» EXERCISE DATA:
★ ★ ★ ★ ★

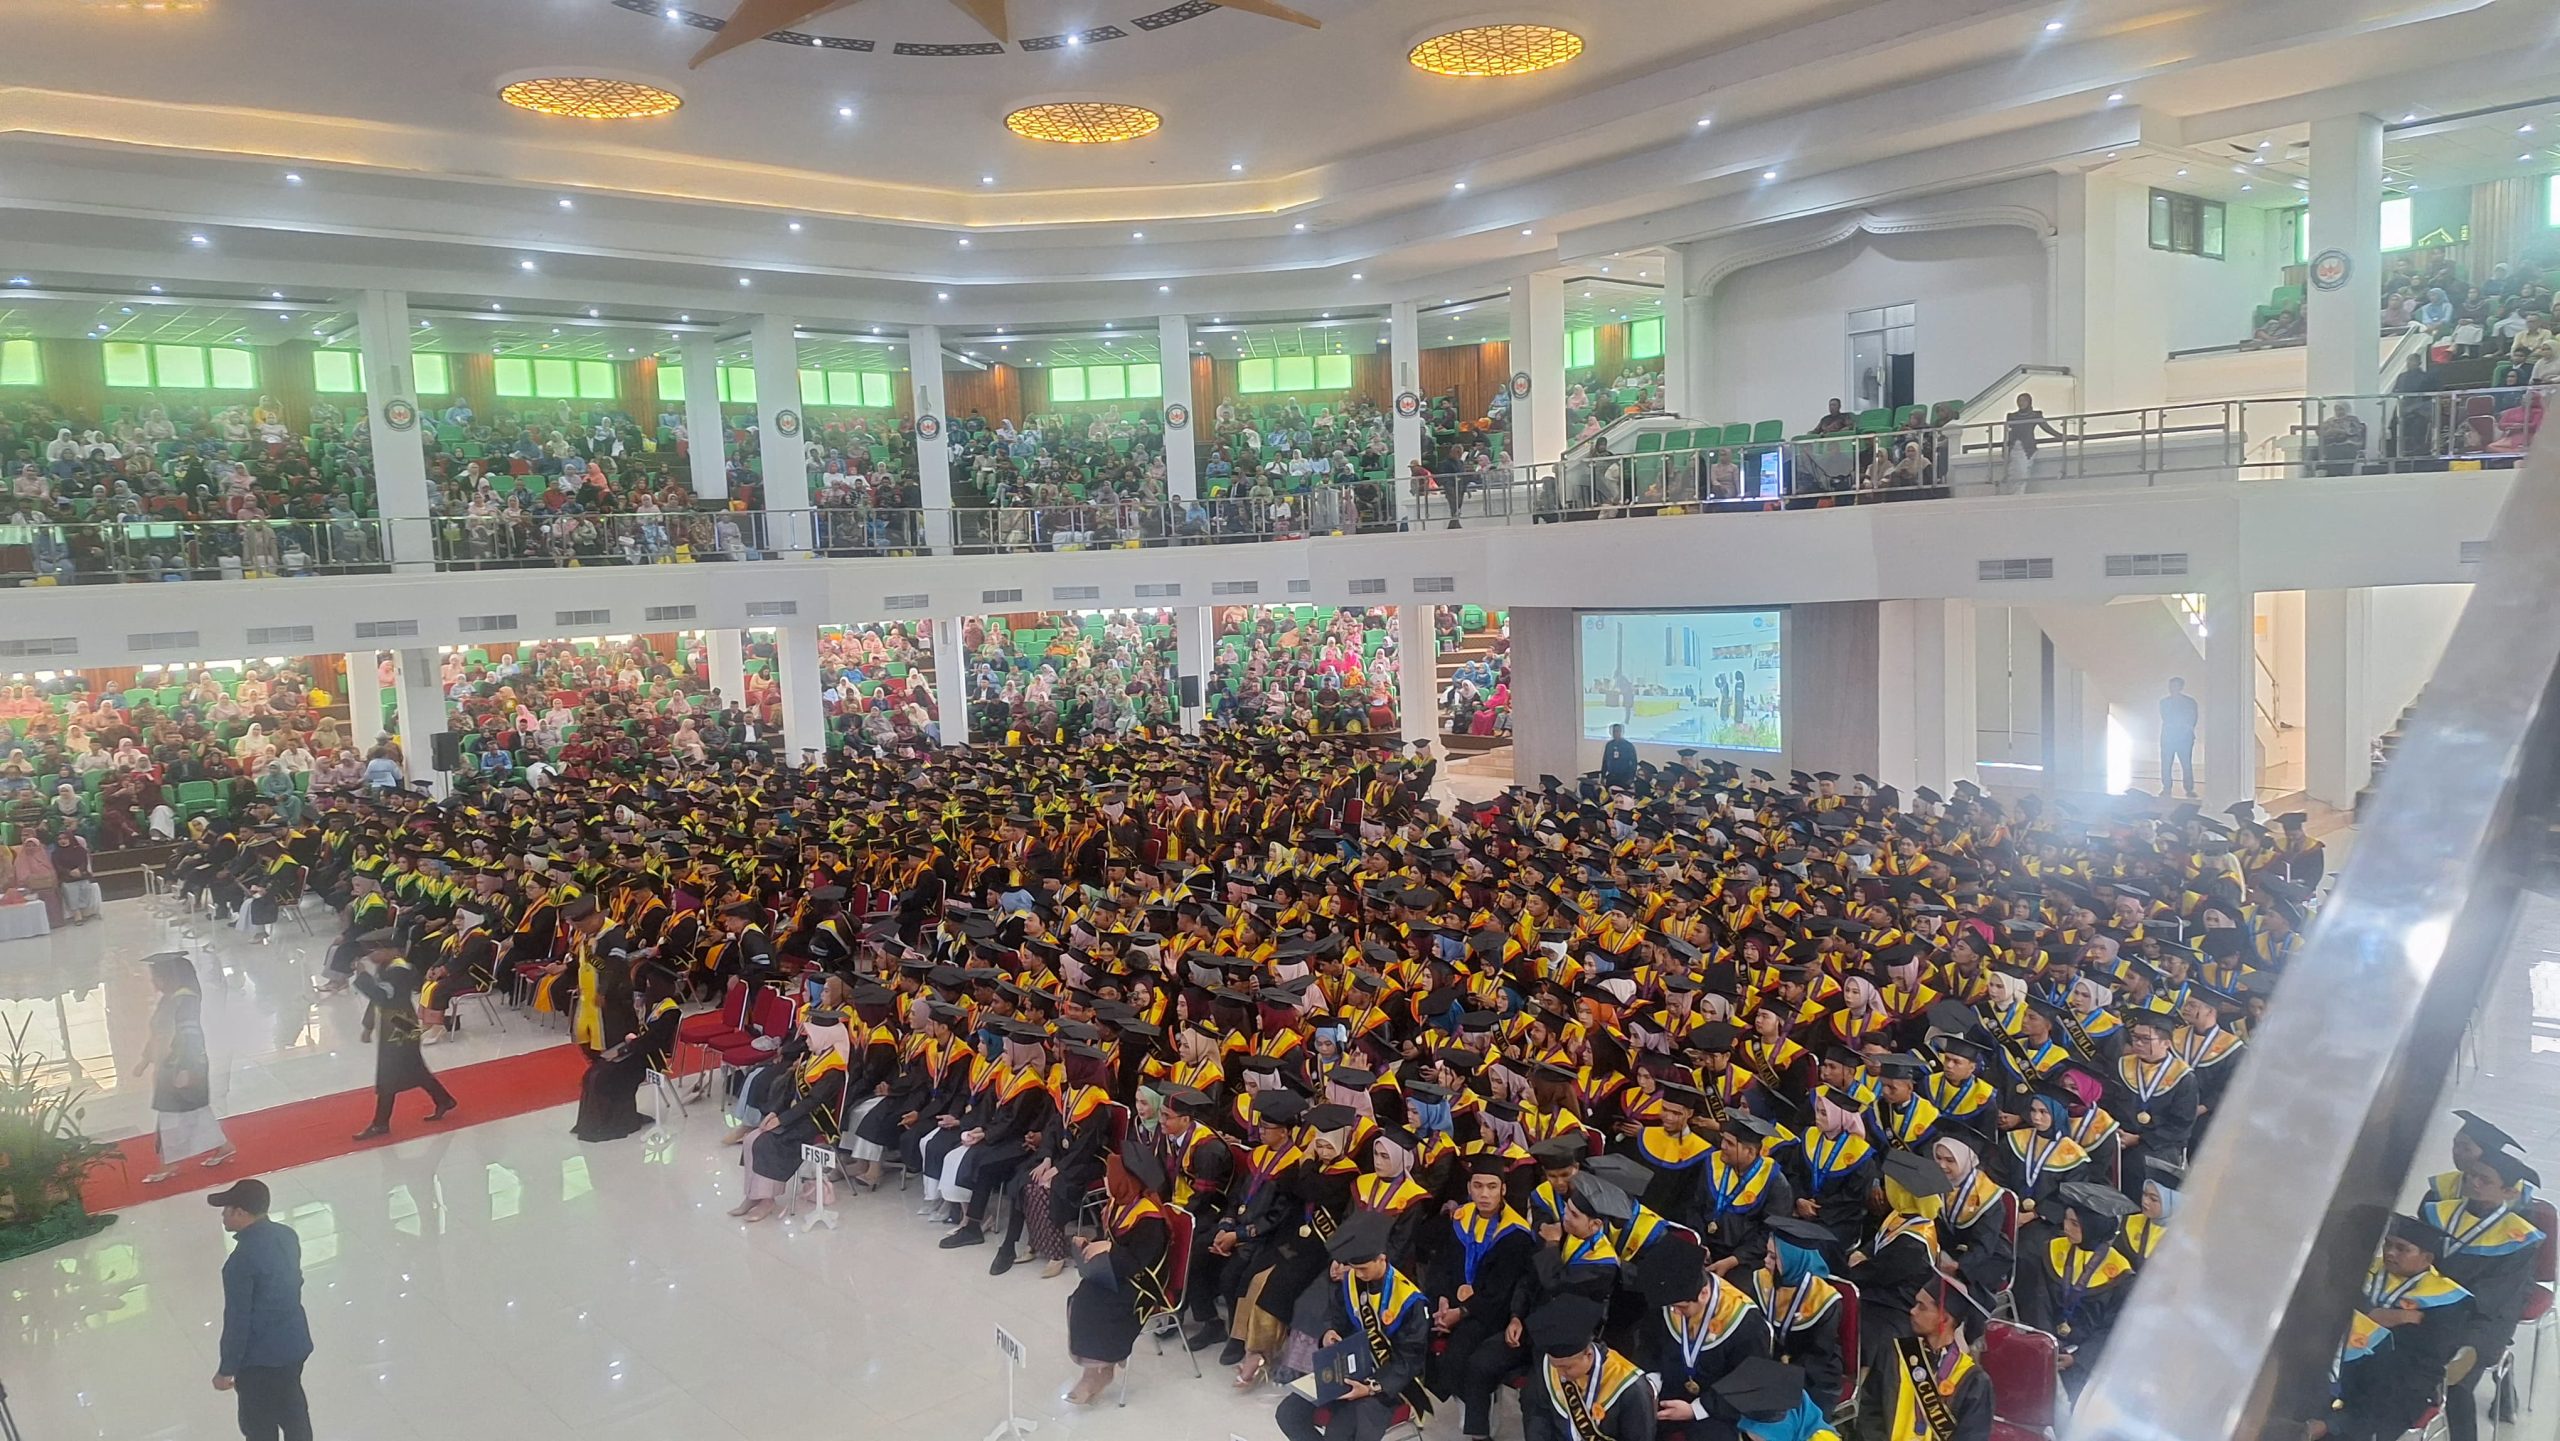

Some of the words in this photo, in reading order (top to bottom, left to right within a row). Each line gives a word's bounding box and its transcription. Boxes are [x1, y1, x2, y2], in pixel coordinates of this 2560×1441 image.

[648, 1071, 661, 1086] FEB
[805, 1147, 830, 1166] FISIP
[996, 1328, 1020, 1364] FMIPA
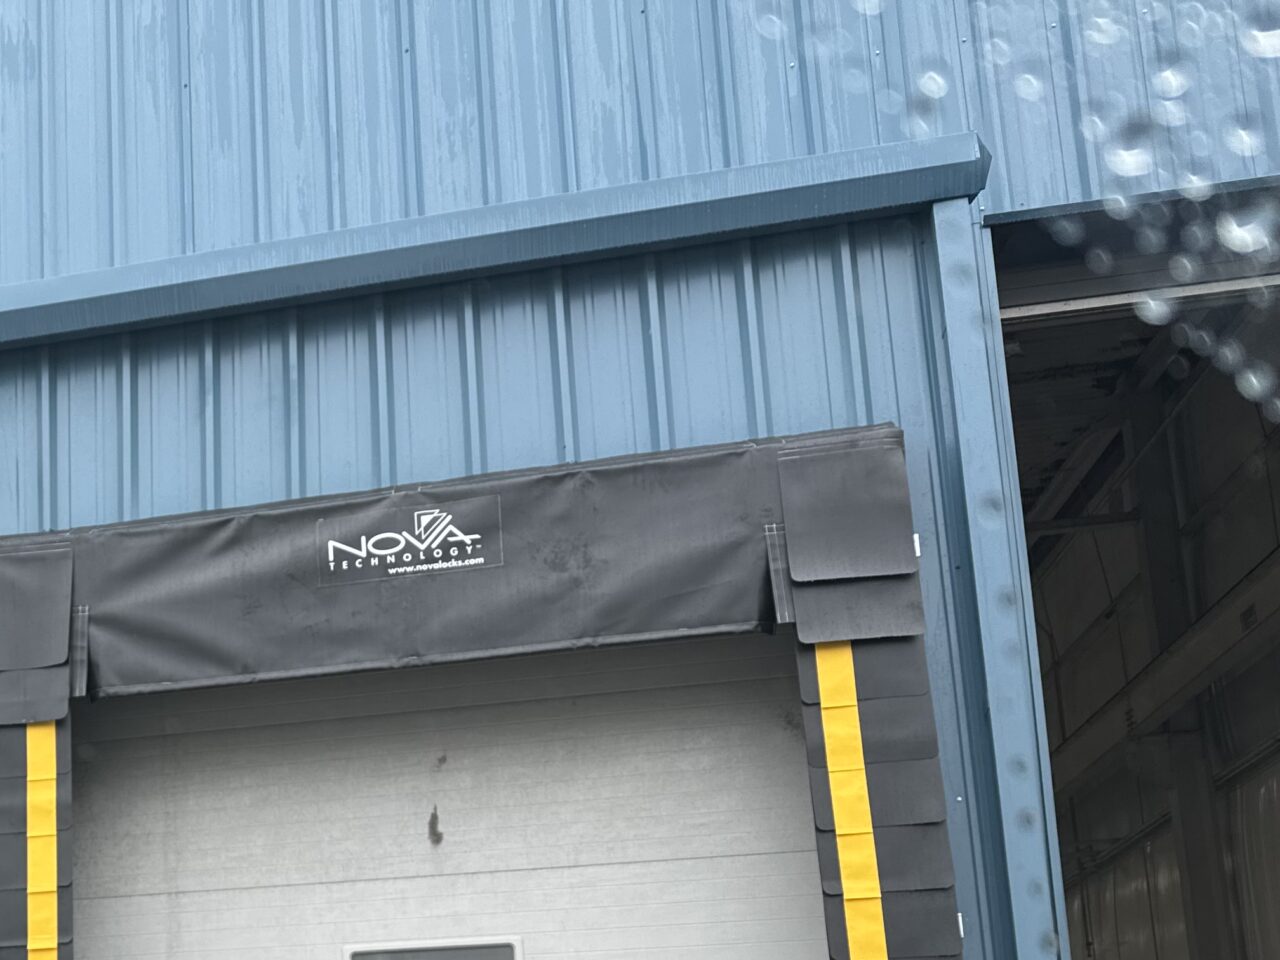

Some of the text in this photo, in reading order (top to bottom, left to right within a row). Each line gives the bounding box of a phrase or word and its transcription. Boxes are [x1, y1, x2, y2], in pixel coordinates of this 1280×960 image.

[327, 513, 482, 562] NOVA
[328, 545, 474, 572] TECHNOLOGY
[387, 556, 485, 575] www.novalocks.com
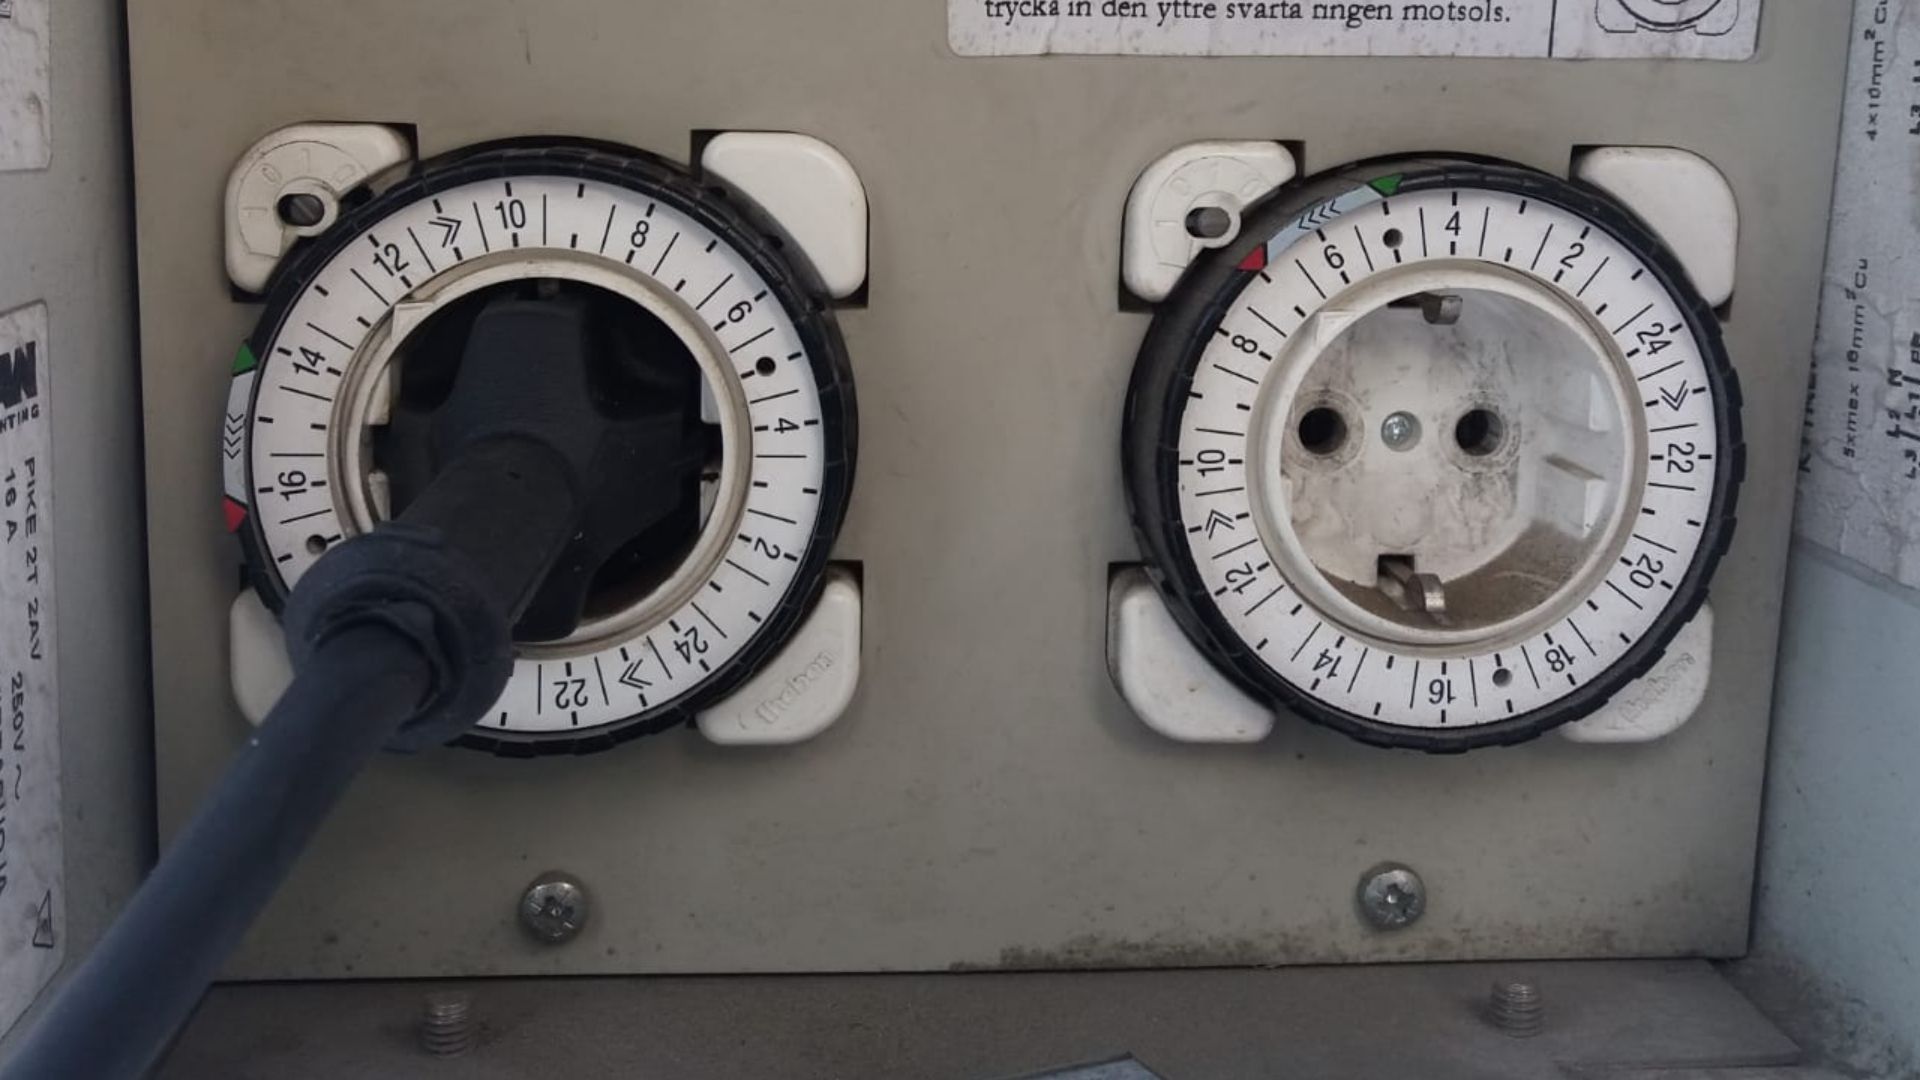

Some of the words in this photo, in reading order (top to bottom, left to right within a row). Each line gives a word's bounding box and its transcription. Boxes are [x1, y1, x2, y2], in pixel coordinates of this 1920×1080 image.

★ ★ ★ ★ ★

» ASSIGNMENT:
Give again, exactly, each line from the one that contains "Some of the text" through the last line of the material above. Pictures do not belong in the copy.

» RESPONSE TO THIS TASK:
Some of the text in this photo, in reading order (top to bottom, left to right within a row). Each line gives the bounding box of a phrase or word and its transcription. Boxes are [x1, y1, x2, y2], in pixel coordinates of this 1280×960 image.

[327, 513, 482, 562] NOVA
[328, 545, 474, 572] TECHNOLOGY
[387, 556, 485, 575] www.novalocks.com

Some of the words in this photo, in reading order (top to bottom, left to right within a row). Each line gives a word's bounding box and its transcription. Boxes are [x1, y1, x2, y2], in pixel coordinates of this 1920×1080 image.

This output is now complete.